The study enrolled 497 participants. Eligible participants included those with recurrent or persistent, ovarian, fallopian tube, or primary peritoneal cancer. Enrolled patients were asked to complete questionnaires regarding symptom burden, controllability, and quality of life. After completing these surveys, they were randomized to 1 of 3 groups: 1 group was guided by nurses through the WRITE intervention: nurses helped patients navigate the process via an asynchronous web-based message board, 1 group autonomously guided themselves through WRITE with a fully computer-mediated version, and 1 group did not participate in WRITE, but rather acted as a control group.

Since the intervention was originally developed to be web-based, patients without computer or internet access were given laptops with 3G or 4F access. The website had monthly questionnaires, and for those in the nurse-guided arm, there were also message boards to connect them to their corresponding nurse.
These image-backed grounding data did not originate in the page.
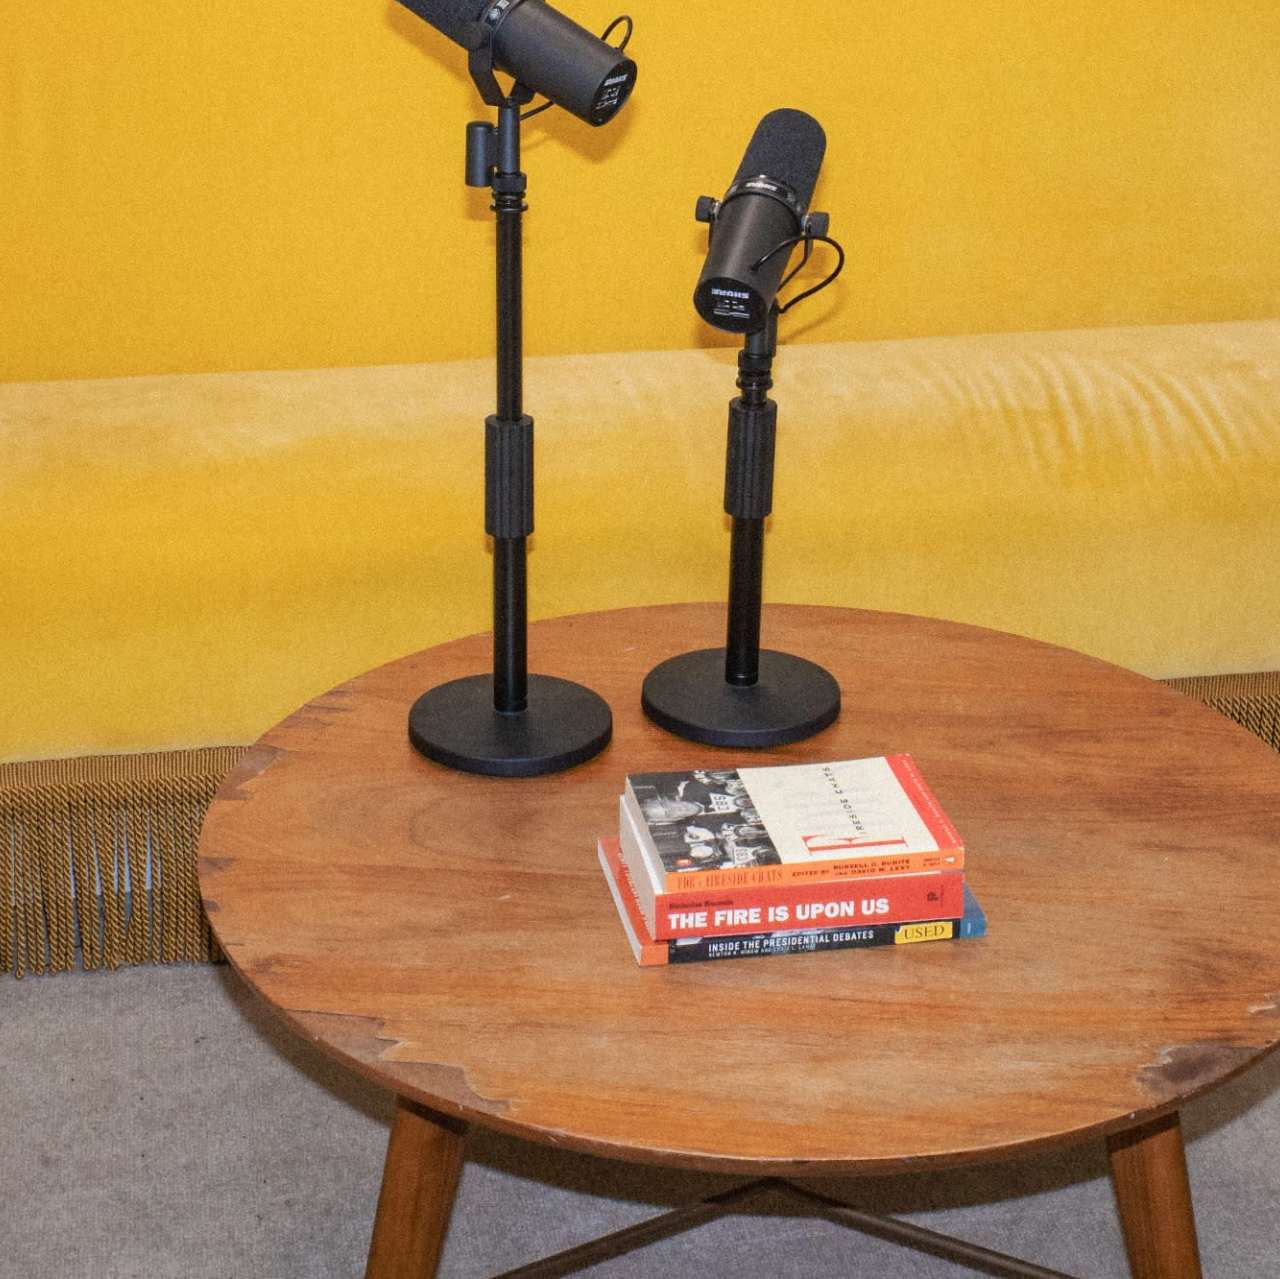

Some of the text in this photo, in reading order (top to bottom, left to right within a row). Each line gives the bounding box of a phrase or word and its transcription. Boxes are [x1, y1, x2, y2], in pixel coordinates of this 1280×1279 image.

[668, 898, 890, 929] THE FIRE IS UPON US
[708, 942, 740, 952] INSIDE
[743, 940, 760, 949] THE
[763, 933, 830, 947] PRESIDENTIAL
[833, 930, 874, 942] DEBATES
[904, 925, 945, 940] USED
The intervention itself was theory guided, explained Donovan. “It is a combination of educational principles and psychology. And so we did, the first part was what we call a representational assessment. We asked women to write about these symptoms that they were experiencing, and we asked them very basic set of questions. So tell us about the symptom. What does it feel like? How long have you had it? Is it and what's the time pattern of it? What do you think causes the symptom? And what things make it worse? What impact does this symptom have on your daily life?”
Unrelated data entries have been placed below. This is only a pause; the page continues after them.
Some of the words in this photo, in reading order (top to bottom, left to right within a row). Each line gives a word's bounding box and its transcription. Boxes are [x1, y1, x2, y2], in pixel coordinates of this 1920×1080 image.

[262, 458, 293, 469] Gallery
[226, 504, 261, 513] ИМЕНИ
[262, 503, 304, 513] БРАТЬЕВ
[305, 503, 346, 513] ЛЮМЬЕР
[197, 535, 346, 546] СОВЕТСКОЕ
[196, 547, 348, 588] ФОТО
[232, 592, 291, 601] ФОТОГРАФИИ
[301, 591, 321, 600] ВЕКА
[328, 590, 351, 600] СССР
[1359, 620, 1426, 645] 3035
Patients were also asked to acknowledge what the team referred to as “barriers to symptom management,” or fears that a patient may hold which prevent them from seeking necessary care. For example, a patient might fear that complaining to their provider may interfere with her treatment, or a patient may have a fear of becoming addicted to opioids.

After fears and symptoms were discussed, there was a library of guides intended to help create care plans for 28 different possible symptoms.

“All cancer survivors, and their families are always looking for things that give them control over their lives, their symptoms, their cancer. As providers, we can try to shift their perceptions of their control to give them the confidence to be their own self advocate,” said Donovan. “Even tracking symptoms can give people power by [allowing them to] discover what it is that makes symptoms worse and how to avoid those things.”

Right now, the team is also developing an app designed to help guide family caregivers monitor their loved one’s symptoms.

“Family caregivers are really the backbone of our health care system,” shared Donovan. “They are next to the patients all the time. They are looking for that sense of control over what's happening. Often, they are the people who are doing the research for the patients, whether it is on the cancer, whether it's symptom management. We don't do much for training those family caregivers or supporting them in their role.”

“It has the same principles in terms of, you know, working through goal setting and strategy selection, to come up with a smart care plan for themselves and for their loved one.”


Online Tool Helps Ovarian Cancer Patients Feel More in Control of Symptoms. UPMC. News release. February 7, 2022. Accessed February 25, 2022.